Work task: Copy each line of the following data that contains "MINI".
(Exercise data begins)
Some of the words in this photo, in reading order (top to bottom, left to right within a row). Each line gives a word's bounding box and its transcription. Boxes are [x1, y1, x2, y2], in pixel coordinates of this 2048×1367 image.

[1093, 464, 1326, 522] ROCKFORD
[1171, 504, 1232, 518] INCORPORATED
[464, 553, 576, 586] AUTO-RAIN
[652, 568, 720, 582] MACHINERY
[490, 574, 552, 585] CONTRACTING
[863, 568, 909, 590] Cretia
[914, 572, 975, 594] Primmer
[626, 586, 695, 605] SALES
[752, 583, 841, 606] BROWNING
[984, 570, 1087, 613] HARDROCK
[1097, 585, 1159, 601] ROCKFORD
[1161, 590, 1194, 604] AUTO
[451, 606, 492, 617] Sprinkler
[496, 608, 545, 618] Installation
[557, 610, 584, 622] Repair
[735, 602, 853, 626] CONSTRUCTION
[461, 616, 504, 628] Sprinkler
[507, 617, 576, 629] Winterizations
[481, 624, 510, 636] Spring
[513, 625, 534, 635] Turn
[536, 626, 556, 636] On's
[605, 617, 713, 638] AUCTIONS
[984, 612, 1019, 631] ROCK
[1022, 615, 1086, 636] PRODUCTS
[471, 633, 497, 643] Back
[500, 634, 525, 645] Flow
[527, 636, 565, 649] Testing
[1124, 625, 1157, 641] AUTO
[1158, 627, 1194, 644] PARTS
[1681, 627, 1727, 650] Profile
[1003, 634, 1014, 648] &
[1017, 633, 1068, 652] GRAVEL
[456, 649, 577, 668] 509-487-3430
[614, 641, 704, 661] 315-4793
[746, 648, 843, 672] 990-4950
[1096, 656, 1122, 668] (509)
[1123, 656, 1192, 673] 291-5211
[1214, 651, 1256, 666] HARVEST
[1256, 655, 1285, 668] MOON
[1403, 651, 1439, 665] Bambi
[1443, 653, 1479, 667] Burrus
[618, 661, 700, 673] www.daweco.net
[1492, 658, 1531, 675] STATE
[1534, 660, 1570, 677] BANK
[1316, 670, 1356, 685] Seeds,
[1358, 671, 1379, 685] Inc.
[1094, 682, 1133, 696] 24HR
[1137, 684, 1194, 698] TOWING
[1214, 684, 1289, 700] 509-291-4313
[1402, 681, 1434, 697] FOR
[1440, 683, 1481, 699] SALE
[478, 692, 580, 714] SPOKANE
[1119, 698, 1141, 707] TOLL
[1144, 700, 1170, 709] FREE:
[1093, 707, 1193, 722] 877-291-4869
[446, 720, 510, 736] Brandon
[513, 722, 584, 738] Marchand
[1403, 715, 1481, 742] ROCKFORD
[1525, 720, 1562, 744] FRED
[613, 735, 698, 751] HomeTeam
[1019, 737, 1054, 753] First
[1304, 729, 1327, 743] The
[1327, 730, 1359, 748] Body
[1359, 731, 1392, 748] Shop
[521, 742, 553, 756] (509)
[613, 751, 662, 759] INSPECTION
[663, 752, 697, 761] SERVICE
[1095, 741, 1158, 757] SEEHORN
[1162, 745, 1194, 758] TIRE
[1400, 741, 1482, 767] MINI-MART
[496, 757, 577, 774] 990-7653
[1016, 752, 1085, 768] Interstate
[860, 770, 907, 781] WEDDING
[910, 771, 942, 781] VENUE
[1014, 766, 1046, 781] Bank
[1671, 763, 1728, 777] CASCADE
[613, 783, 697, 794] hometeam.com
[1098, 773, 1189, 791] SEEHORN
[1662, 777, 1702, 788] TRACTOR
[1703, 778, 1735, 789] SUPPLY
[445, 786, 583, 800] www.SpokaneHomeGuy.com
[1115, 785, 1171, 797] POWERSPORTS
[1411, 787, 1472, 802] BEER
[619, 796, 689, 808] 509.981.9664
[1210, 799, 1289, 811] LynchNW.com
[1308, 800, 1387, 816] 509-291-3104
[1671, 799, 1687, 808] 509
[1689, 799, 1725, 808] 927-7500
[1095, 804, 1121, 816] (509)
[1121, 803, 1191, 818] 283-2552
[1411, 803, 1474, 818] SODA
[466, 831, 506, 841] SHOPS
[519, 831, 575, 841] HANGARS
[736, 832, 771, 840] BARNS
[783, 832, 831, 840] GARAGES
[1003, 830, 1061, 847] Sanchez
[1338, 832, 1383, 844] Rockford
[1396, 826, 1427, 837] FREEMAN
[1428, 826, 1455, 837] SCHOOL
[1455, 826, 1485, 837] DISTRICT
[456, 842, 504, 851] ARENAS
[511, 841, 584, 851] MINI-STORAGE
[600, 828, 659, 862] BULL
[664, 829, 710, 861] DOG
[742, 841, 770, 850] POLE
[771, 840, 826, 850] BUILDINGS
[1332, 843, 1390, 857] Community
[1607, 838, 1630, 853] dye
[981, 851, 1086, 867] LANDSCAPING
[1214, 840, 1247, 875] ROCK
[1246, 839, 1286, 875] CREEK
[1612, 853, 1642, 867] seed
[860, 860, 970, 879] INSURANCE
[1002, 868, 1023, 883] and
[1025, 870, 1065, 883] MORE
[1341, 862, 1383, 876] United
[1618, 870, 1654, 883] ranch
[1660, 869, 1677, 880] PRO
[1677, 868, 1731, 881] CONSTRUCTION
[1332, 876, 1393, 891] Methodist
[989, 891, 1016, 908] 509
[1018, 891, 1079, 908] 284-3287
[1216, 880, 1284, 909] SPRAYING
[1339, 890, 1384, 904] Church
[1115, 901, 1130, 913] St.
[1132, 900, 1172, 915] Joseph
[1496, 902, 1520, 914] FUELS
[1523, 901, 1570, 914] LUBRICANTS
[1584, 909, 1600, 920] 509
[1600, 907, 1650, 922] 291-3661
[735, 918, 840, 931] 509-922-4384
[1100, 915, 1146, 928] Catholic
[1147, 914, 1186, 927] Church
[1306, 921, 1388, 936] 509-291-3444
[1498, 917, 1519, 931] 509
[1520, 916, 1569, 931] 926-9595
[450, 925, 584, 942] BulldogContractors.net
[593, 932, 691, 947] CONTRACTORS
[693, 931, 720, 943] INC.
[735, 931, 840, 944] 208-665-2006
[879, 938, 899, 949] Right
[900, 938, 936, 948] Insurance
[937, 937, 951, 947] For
(Exercise data ends)
Result for this task:
[1400, 741, 1482, 767] MINI-MART
[511, 841, 584, 851] MINI-STORAGE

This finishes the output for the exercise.